The condition of all these categories of the people was already precarious and the jolt of Covid-19 made their life miserable. RSS Modi Goverment in the last six years by its pro-corporate policies has already made their lives quite difficult. Vacancies in the public sector and government were not being filled up and educated unemployed youth were crying for jobs, but the Covid-19 outbreak took away jobs from already employed sections also. The worst sufferers were unorganised migrant labour from Bihar and few more states, who were working in Mumbai, Delhi, Ahmedabad like metropolitan cities and in Punjab like places as farm labour. Lakhs of them were left to fend for themselves without any support from either their employers or the government and hundreds of them lost their lives on roads, walking, cycling, or transporting themselves in most pitiable conditions in trains and buses. No unemployment allowance or food security were provided to them, numbering almost sixty percent of Indian population. Worse was their health conditions. A study has shown recently that 50% of Indian population is without any medical support from government and the budget of for health services is at lowest fourth among all countries of the world. The Goverment. has been privatising the health and education sector from its inception in 2014 to fatten its patron corporates like Ambani's and Adanis. No wonder that during this humanity killing pandemic, the corporate Ambani has risen to fourth most rich man in the world. To put salt on the wounds of suffering people, the banks are waiving lashes of crones rupees loans to these corporate houses, but not allowing the middle classes to even waive the interest on their EMI's, neither allowing the EMI's delayed payments. When people were dying in hundreds due to Covid-19 infection, private hospitals were behaving like blood sucker sharks, poor people had to die without any medical support worth the name, even the middle class, including doctors themselves suffered at the hands of private hospitals and the Modi just looked the other way. Doctors, despite being called fashionable title of 'corona warriors' are not being paid properly, when they are suffering casualties during corona. More than five hundred doctors have lost lives till now and majority of their families have not been paid by the government own declared compensation.

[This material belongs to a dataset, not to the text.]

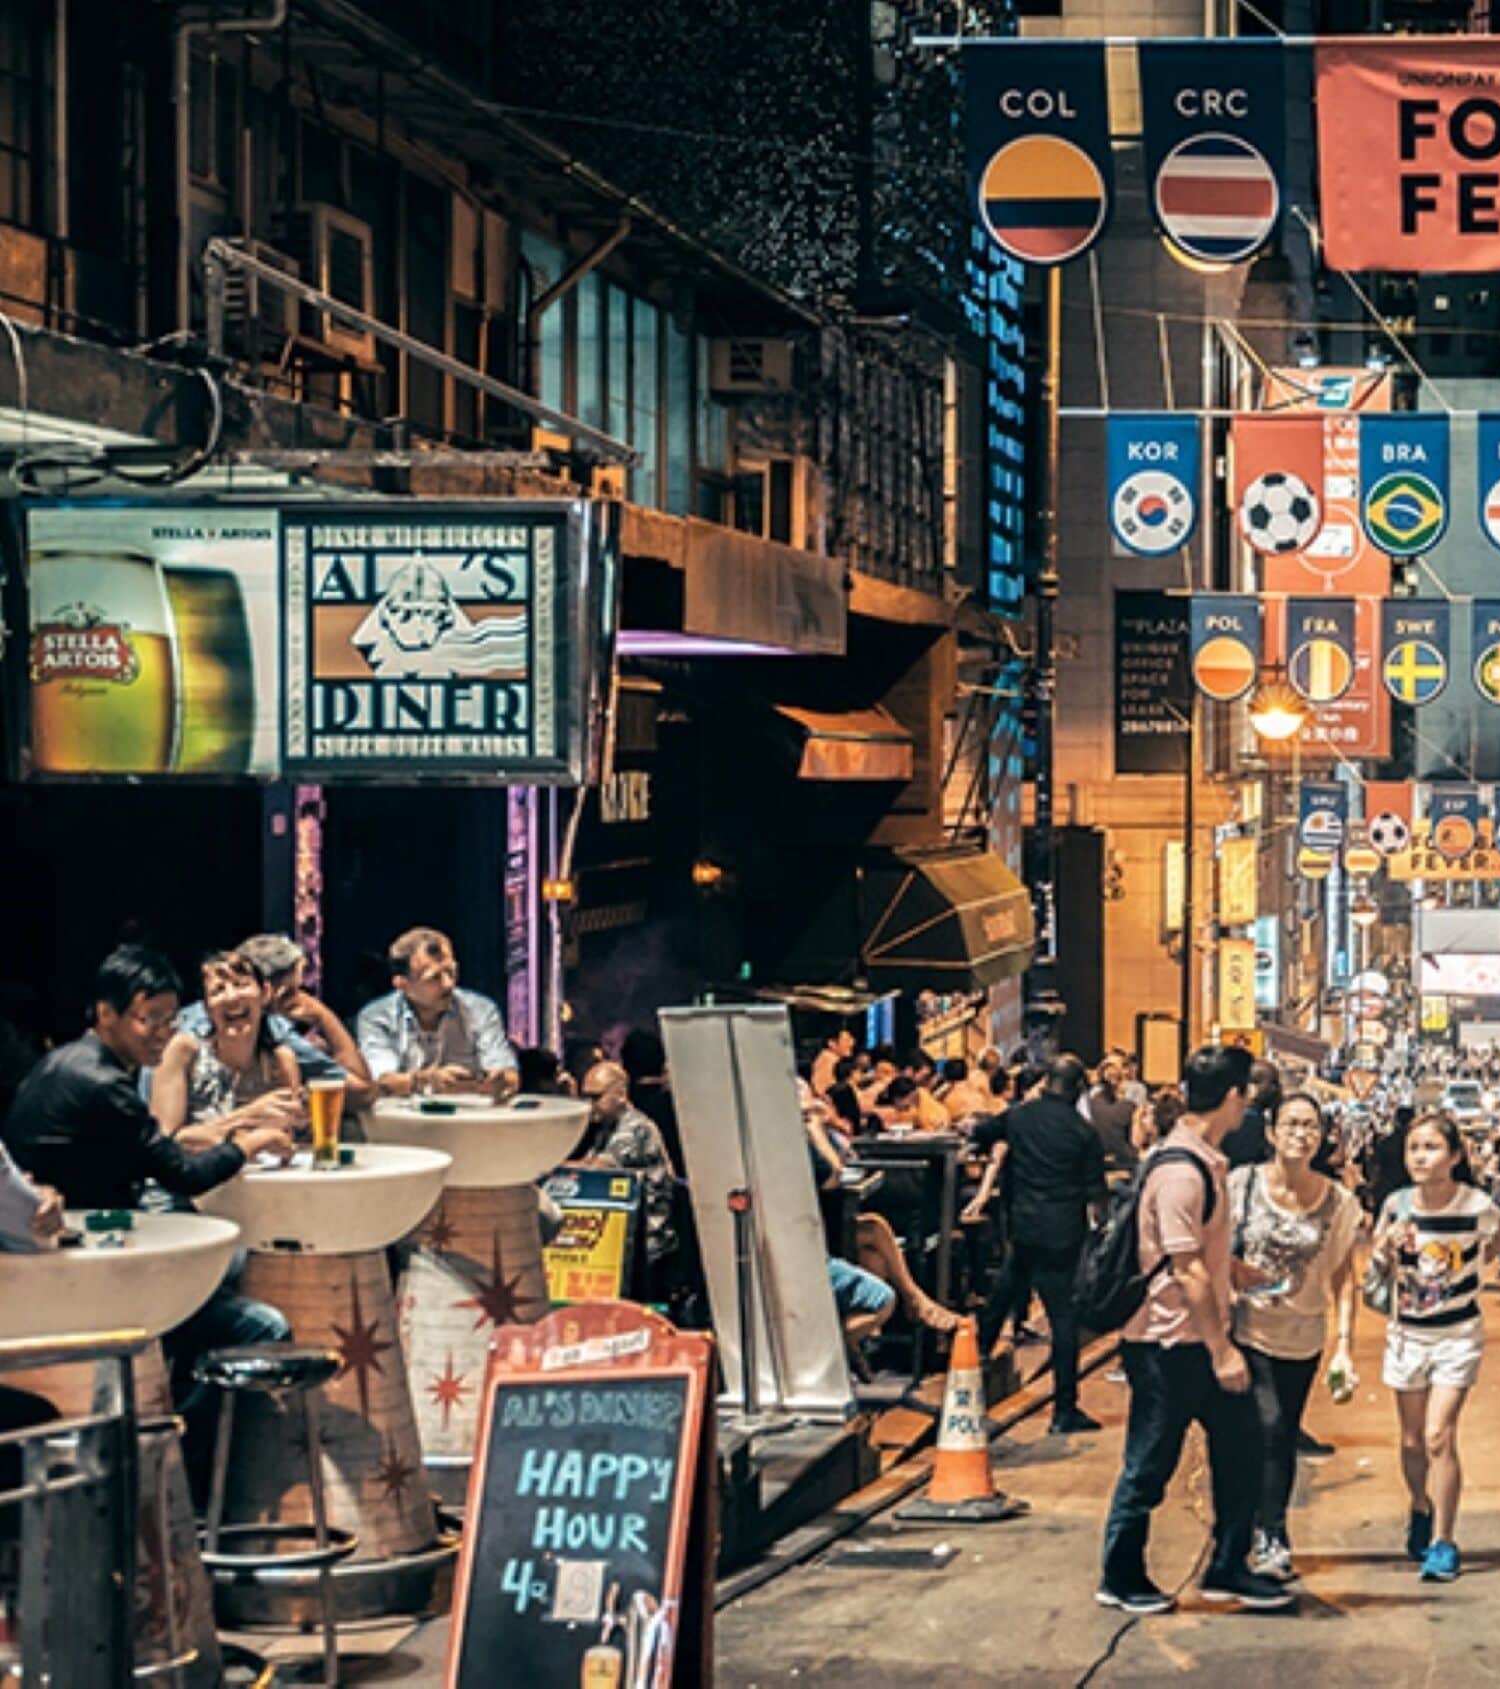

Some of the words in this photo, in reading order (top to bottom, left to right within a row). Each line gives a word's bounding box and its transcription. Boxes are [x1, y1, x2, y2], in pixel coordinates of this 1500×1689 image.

So, in the education sector, the poorer sections are affected at a worse level. A section of middle classes can afford smartphones or tablets/laptops, so their education goes by online mode, but the rural poor and even urban slum dweller poor children lose any scope of receiving education. Government schools in various states were already reduced to enroll only Dalit or minority children, as even lower middle classes were opting for so called public schools. Now middle classes have to revert to the government schools with their income loss, they can't afford the luxury of public schools. But teachers of the government schools are neither paid full salaries, nor any recruitment is being made of teachers. So, teachers here are receiving a pittance in the name of salary. Schools/colleges/Universities are still not functioning properly and it is the poorer sections, who are the worst sufferers in the education sector too, which will make them totally vulnerable in coming times in matters of securing jobs.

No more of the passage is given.